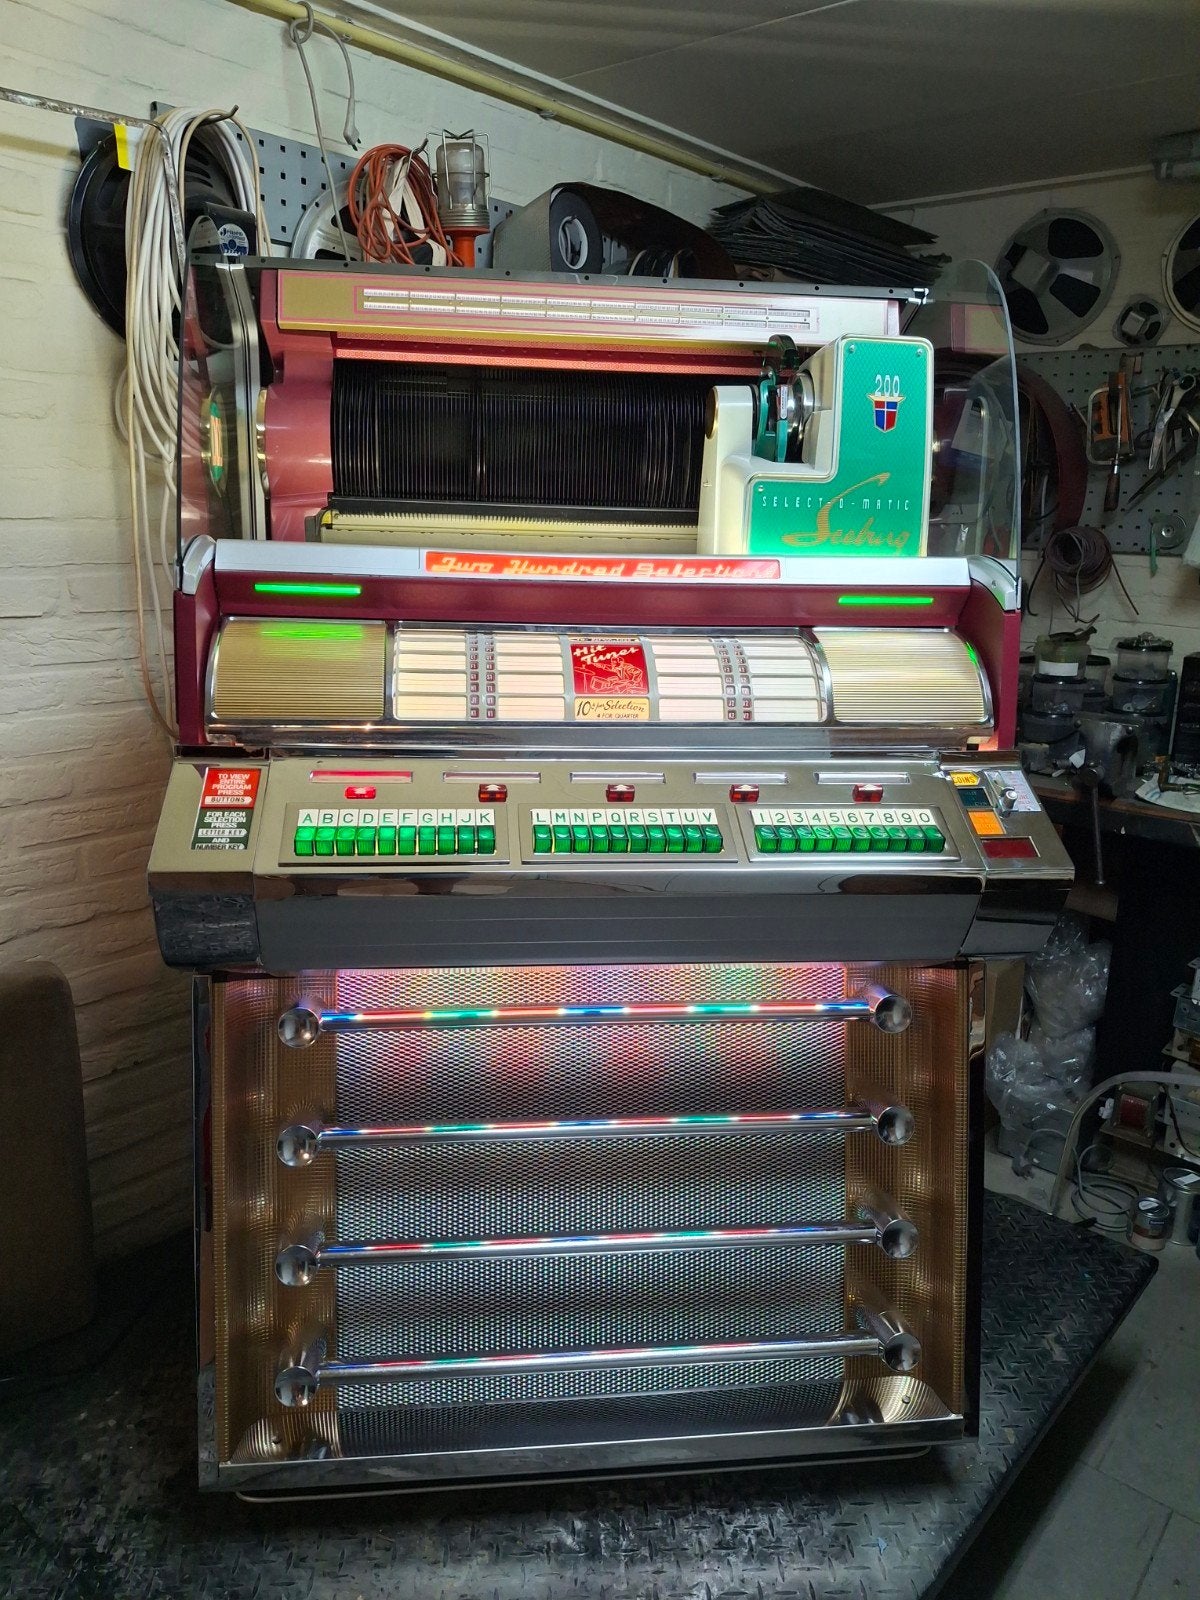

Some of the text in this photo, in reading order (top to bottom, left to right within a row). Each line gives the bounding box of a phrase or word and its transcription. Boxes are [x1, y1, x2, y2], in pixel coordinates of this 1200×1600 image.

[875, 374, 900, 397] 200
[781, 472, 911, 557] Seeburg
[502, 559, 626, 577] Hundred
[573, 645, 607, 657] Hit
[604, 699, 645, 712] Selection
[951, 776, 976, 784] COINS
[302, 813, 490, 823] A B C D E F G H J K
[536, 813, 712, 823] L M N P Q R S T U V
[774, 813, 786, 823] 2
[794, 813, 804, 823] 3
[812, 813, 822, 823] 4
[829, 813, 840, 823] 5
[847, 813, 858, 823] 6
[864, 813, 875, 823] 7
[883, 813, 894, 823] 8
[901, 813, 913, 823] 9
[919, 813, 931, 823] 0

● Directions
Please output every line of the listing as it stands, and omit its images.

● Answer box
Some of the text in this photo, in reading order (top to bottom, left to right within a row). Each line gives the bounding box of a phrase or word and its transcription. Boxes are [x1, y1, x2, y2], in pixel coordinates of this 1200×1600 image.

[875, 374, 900, 397] 200
[781, 472, 911, 557] Seeburg
[502, 559, 626, 577] Hundred
[573, 645, 607, 657] Hit
[604, 699, 645, 712] Selection
[951, 776, 976, 784] COINS
[302, 813, 490, 823] A B C D E F G H J K
[536, 813, 712, 823] L M N P Q R S T U V
[774, 813, 786, 823] 2
[794, 813, 804, 823] 3
[812, 813, 822, 823] 4
[829, 813, 840, 823] 5
[847, 813, 858, 823] 6
[864, 813, 875, 823] 7
[883, 813, 894, 823] 8
[901, 813, 913, 823] 9
[919, 813, 931, 823] 0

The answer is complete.